Выбрать главу
(v. 95—122)

По этому краткому изложению трудно составить представление о подлинном содержании книги. Тем более, что один обширнейший эпизод романа автор не упомянул в прологе, видимо, вставив его позже. Т. е. этот эпизод не входил в первоначальный замысел. Между тем этот эпизод — самый увлекательный и самый удачный. Быть может, даже — наиболее значительный с точки зрения эволюции куртуазного романа. К нему мы еще вернемся. Готье упомянул в прологе совсем другие эпизоды, делающие из романа христианско-назидательное произведение. Действительно, начало истории Ираклия напоминает популярнейший агиографический рассказ о святом Алексее. Как и в этой церковной легенде, у родителей героя не было детей, несмотря на их благочестие и примерную жизнь. Как и там, явившийся ночью ангел объявляет доброй женщине, что она станет матерью. Как и там, герой отличается исключительными способностями в учении и поражает всех своей премудростью. Далее два повествования — церковное и куртуазное — расходятся. В романе Готье рассказывается далее, что Ираклий получил свыше замечательный дар — безошибочно выбирать лучший драгоценный камень, лучшего коня и лучшую женщину (об этом даре говорилось в таинственных письменах, обнаруженных в колыбели ребенка, и эти письмена смог прочитать лишь сам избранник). Этот мотив тройного чудесного дара восходит, как показал А. Фуррье зэ, к восточному сказочному фольклору и зафиксирован в цикле «Тысячи и одной ночи». После смерти мужа мать Ираклия, в экстазе благочестия, раздает все свое состояние и даже продает собственного сына на рынке рабов, чтобы полученную тысячу безантов раздать бедным. Ираклий, полный смирения, сам рад этой продаже. Юноша куплен сенешалем императора. Но долго пребывать в убожестве и унижении герою не суждено: замечательные способности юноши обращают на себя внимание, помогают ему выдвинуться, и вскоре он становится одним из ближайших советников императора Лаиса.

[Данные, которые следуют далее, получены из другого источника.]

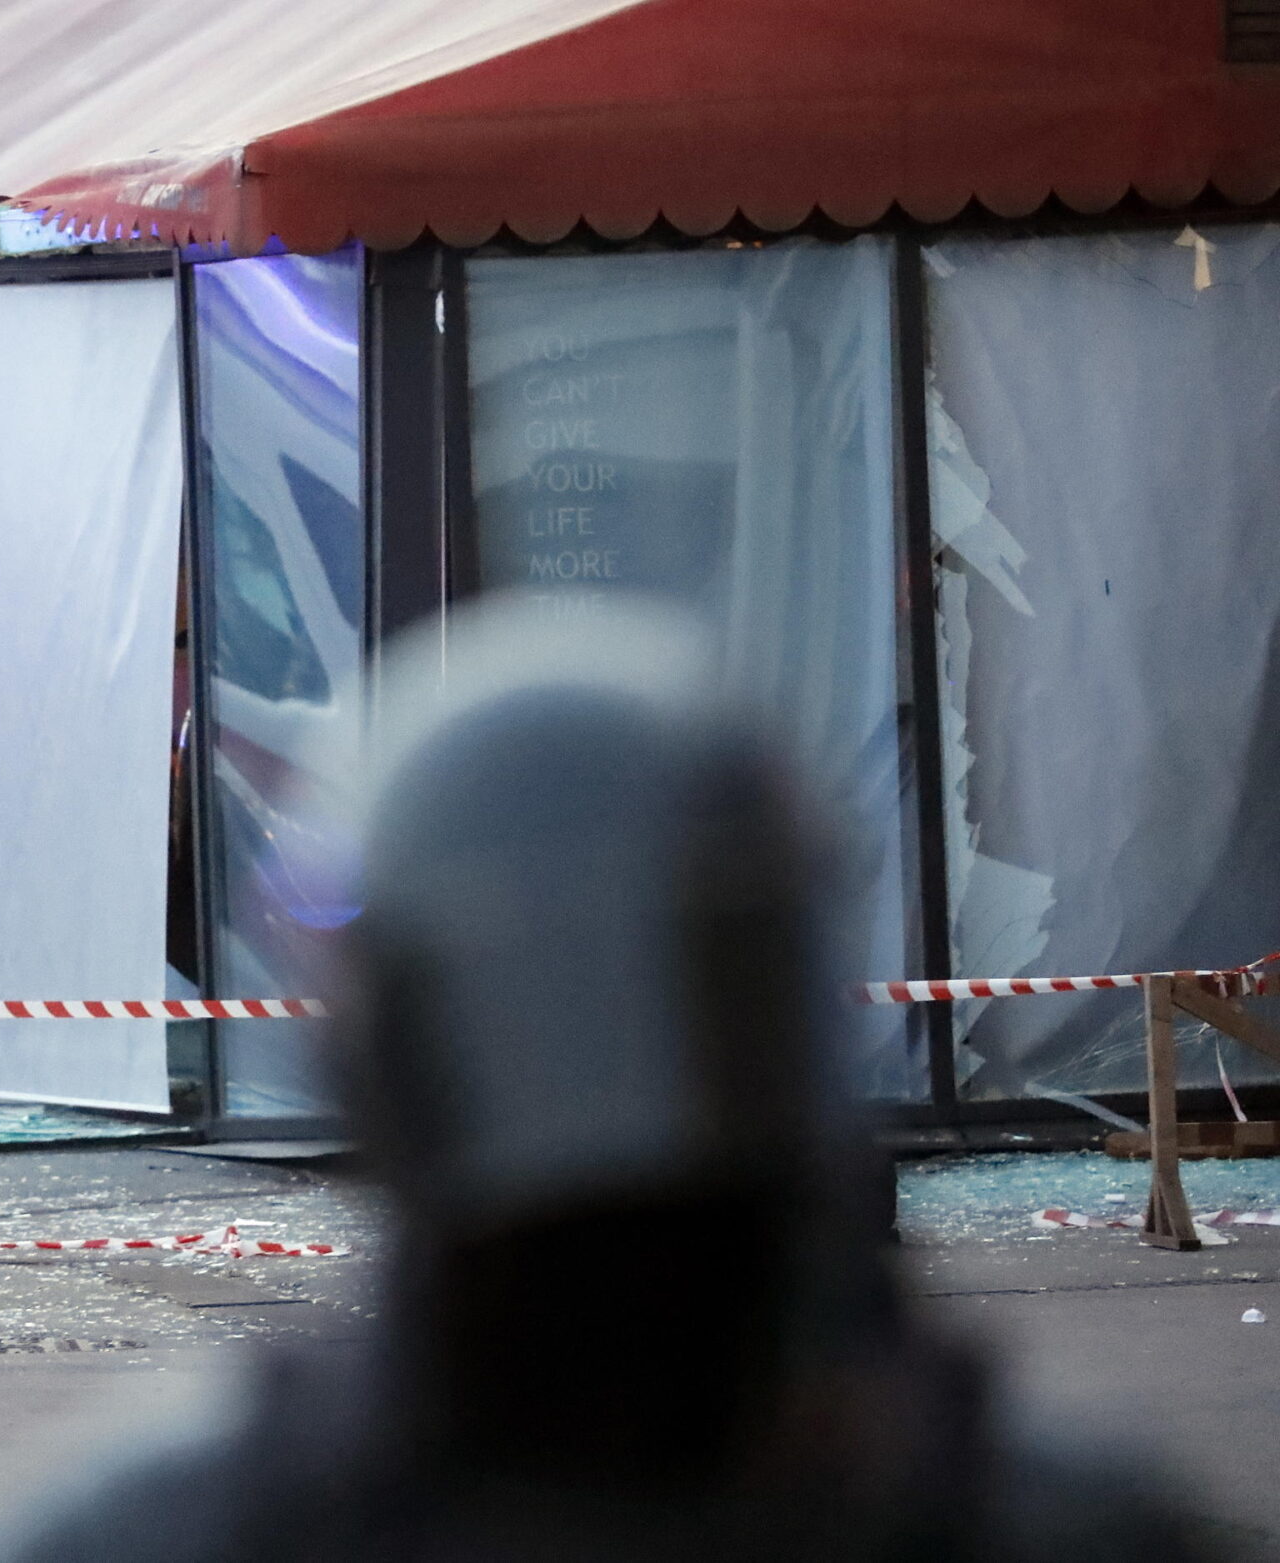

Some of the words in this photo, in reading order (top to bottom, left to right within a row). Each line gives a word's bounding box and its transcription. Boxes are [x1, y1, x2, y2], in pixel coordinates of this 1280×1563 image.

Обстановка византийского двора, царящий там сложный и красочный этикет описаны поэтом из Арраса подробно и увлеченно, что говорит как о большой начитанности автора (современные ученые обнаружили у него знакомство с большим числом теологических сочинений и церковных легенд, имевших хождение в ту эпоху и насыщенных сведениями о Византии), так и о его живом общении с европейцами, побывавшими на Ближнем Востоке (а таких в эпоху крестовых походов было множество). 

Особенно подробно описывает Готье процедуру выбора византийским императором невесты (ст. 2100—2765): гонцы по всей стране созывают молодых красивых девушек из знатных семей в императорский дворец, где должны состояться выборы будущей императрицы. Претендентки съезжаются в столицу с родителями, со слугами и родственниками, наполняя город веселым оживлением. Ираклий обходит ряды девушек и указывает Лаису самую достойную. Эта честь доверена именно ему. Эта пышная церемония, столь подробно описанная аррасским поэтом, дает ему возможность не только показать свое дескриптивное мастерство, но и продемонстрировать умение нарисовать характерологические портреты персонажей. Ираклий проходит по рядам невест, и перед ним предстают то тайная развратница, опасающаяся, что герой раскроет ее потаенное распутство, то глупая недотрога, то гордячка, болтунья, сплетница и т. д. Все они описаны не только внешне, т. е. с точки зрения Ираклия и других присутствующих на церемонии, но и «изнутри»: поэт передает их мысли и переживания, их страх перед тем, что юноша узнает их подлинную сущность, их целомудренный трепет, их боязливую браваду, их недоверие к провидческим способностям Ираклия и затаенную иронию по отношению к нему.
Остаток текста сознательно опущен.